Every line of the material below should be repeated exactly.

▶ RECORDS TO PROCESS
# # # #

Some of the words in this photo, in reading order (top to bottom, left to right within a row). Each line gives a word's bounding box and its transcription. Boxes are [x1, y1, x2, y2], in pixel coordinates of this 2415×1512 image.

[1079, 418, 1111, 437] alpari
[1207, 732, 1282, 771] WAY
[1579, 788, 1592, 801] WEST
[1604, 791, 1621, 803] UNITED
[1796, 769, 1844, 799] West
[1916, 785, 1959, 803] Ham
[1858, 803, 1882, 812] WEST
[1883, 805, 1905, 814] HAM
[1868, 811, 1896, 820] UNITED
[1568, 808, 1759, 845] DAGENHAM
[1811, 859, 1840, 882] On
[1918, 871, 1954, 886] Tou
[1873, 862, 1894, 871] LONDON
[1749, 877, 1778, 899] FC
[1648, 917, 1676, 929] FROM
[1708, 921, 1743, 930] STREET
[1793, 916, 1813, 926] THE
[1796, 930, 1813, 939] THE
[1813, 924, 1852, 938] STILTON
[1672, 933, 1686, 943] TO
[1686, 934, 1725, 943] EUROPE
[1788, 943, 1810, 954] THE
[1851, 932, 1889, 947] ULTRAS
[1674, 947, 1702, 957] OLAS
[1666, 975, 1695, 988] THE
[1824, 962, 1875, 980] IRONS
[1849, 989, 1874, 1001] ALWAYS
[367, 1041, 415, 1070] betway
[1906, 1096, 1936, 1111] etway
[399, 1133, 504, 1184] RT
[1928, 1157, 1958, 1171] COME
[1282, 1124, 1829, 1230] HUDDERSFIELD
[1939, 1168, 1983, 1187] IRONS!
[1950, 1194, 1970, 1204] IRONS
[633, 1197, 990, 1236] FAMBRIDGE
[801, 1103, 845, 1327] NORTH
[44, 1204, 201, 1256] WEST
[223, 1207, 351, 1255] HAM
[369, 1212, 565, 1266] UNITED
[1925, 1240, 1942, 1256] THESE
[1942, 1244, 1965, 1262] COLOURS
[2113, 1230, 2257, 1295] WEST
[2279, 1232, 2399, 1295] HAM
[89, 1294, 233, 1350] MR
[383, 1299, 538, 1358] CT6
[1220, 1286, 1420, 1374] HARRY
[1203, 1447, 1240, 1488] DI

# # # #

▶ SOLUTION TO THE EXERCISE
Some of the words in this photo, in reading order (top to bottom, left to right within a row). Each line gives a word's bounding box and its transcription. Boxes are [x1, y1, x2, y2], in pixel coordinates of this 2415×1512 image.

[1079, 418, 1111, 437] alpari
[1207, 732, 1282, 771] WAY
[1579, 788, 1592, 801] WEST
[1604, 791, 1621, 803] UNITED
[1796, 769, 1844, 799] West
[1916, 785, 1959, 803] Ham
[1858, 803, 1882, 812] WEST
[1883, 805, 1905, 814] HAM
[1868, 811, 1896, 820] UNITED
[1568, 808, 1759, 845] DAGENHAM
[1811, 859, 1840, 882] On
[1918, 871, 1954, 886] Tou
[1873, 862, 1894, 871] LONDON
[1749, 877, 1778, 899] FC
[1648, 917, 1676, 929] FROM
[1708, 921, 1743, 930] STREET
[1793, 916, 1813, 926] THE
[1796, 930, 1813, 939] THE
[1813, 924, 1852, 938] STILTON
[1672, 933, 1686, 943] TO
[1686, 934, 1725, 943] EUROPE
[1788, 943, 1810, 954] THE
[1851, 932, 1889, 947] ULTRAS
[1674, 947, 1702, 957] OLAS
[1666, 975, 1695, 988] THE
[1824, 962, 1875, 980] IRONS
[1849, 989, 1874, 1001] ALWAYS
[367, 1041, 415, 1070] betway
[1906, 1096, 1936, 1111] etway
[399, 1133, 504, 1184] RT
[1928, 1157, 1958, 1171] COME
[1282, 1124, 1829, 1230] HUDDERSFIELD
[1939, 1168, 1983, 1187] IRONS!
[1950, 1194, 1970, 1204] IRONS
[633, 1197, 990, 1236] FAMBRIDGE
[801, 1103, 845, 1327] NORTH
[44, 1204, 201, 1256] WEST
[223, 1207, 351, 1255] HAM
[369, 1212, 565, 1266] UNITED
[1925, 1240, 1942, 1256] THESE
[1942, 1244, 1965, 1262] COLOURS
[2113, 1230, 2257, 1295] WEST
[2279, 1232, 2399, 1295] HAM
[89, 1294, 233, 1350] MR
[383, 1299, 538, 1358] CT6
[1220, 1286, 1420, 1374] HARRY
[1203, 1447, 1240, 1488] DI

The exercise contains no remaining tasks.